INFORMATION SUPPLIED>
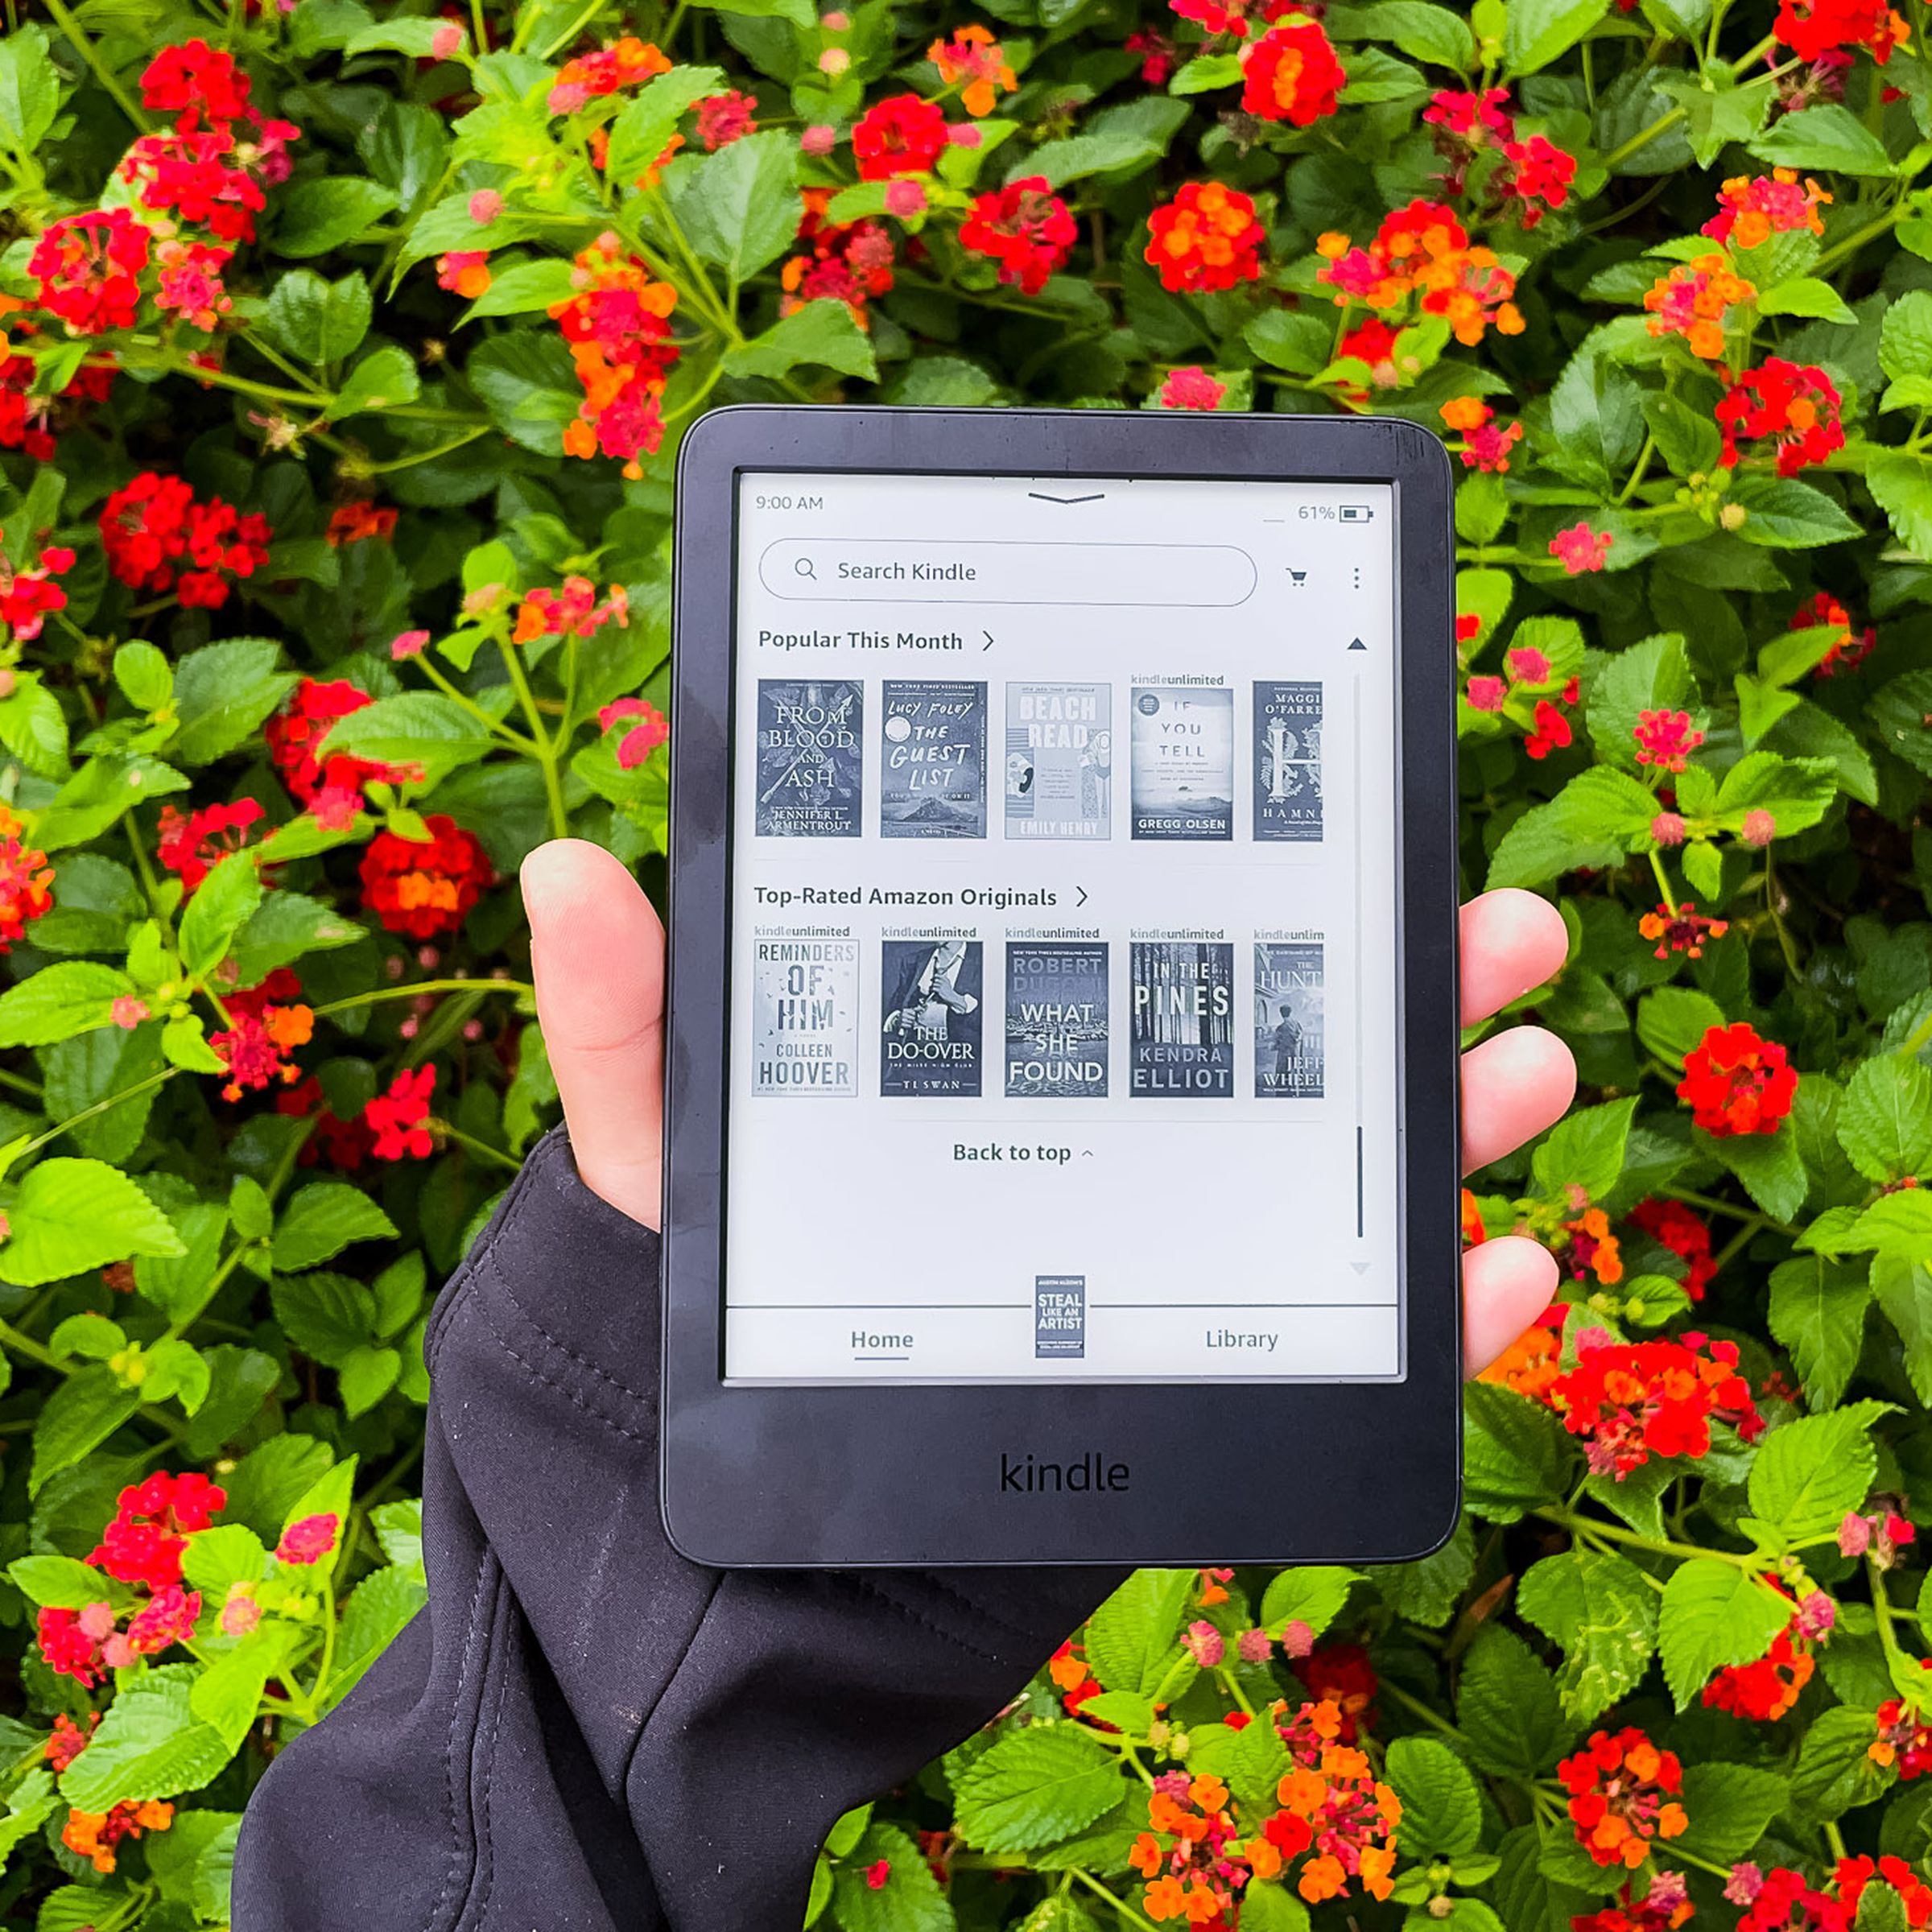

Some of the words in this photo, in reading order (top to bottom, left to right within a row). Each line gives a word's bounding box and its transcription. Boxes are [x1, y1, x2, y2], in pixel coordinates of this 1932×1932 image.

[756, 496, 791, 510] 9:00
[797, 497, 824, 510] AM
[1298, 506, 1335, 519] 61%
[838, 563, 905, 580] Search
[912, 563, 976, 580] Kindle
[758, 630, 841, 651] Popular
[847, 632, 890, 649] This
[897, 633, 963, 650] Month
[1131, 674, 1224, 686] kindleunlimited
[888, 700, 921, 716] LUCY
[927, 702, 973, 720] FOLEY
[1019, 696, 1096, 721] BEACH
[1174, 701, 1191, 711] IF
[777, 705, 846, 725] FROM
[913, 725, 949, 741] THE
[1028, 724, 1088, 749] READ
[1161, 723, 1201, 735] YOU
[768, 729, 854, 748] BLOOD
[796, 753, 824, 764] AND
[890, 744, 971, 769] GUEST
[1159, 745, 1205, 758] TELL
[786, 770, 835, 787] ASH
[909, 768, 954, 791] LIST
[773, 811, 832, 819] JENNIFER
[766, 821, 852, 830] ARMENTROUT
[1020, 821, 1057, 835] EMILY
[1138, 819, 1181, 829] GREGG
[1186, 819, 1226, 829] OLSEN
[754, 886, 862, 907] Top-Rated
[869, 888, 953, 905] Amazon
[960, 887, 1057, 910] Originals
[754, 925, 850, 937] kindleunlimited
[881, 927, 977, 938] kindleunlimited
[1005, 927, 1100, 939] kindleunlimited
[1130, 928, 1224, 939] kindleunlimited
[759, 944, 855, 961] REMINDERS
[1013, 958, 1102, 974] ROBERT
[1154, 963, 1170, 978] IN
[1179, 963, 1209, 979] THE
[787, 964, 825, 996] OF
[1134, 985, 1229, 1016] PINES
[778, 999, 834, 1030] HIM
[1021, 1004, 1094, 1022] WHAT
[914, 1026, 947, 1041] THE
[1036, 1034, 1079, 1051] SHE
[776, 1044, 832, 1058] COLLEEN
[888, 1043, 975, 1059] DO-OVER
[1140, 1048, 1222, 1062] KENDRA
[760, 1062, 849, 1084] HOOVER
[1009, 1061, 1103, 1082] FOUND
[1133, 1069, 1229, 1088] ELLIOT
[923, 1081, 960, 1089] SWAN
[953, 1143, 1003, 1161] Back
[1009, 1146, 1031, 1161] to
[1037, 1146, 1071, 1166] top
[1038, 1294, 1082, 1307] STEAL
[1042, 1308, 1062, 1316] LIKE
[1038, 1318, 1082, 1329] ARTIST
[851, 1331, 914, 1349] Home
[1206, 1330, 1279, 1352] Library
[1000, 1452, 1130, 1492] kindle

DIRECTIONS>
Check each line of the records above for the word "kindleunlimited", then give the number of lines that have it, with no other words.

RESULT OF THIS EXERCISE>
5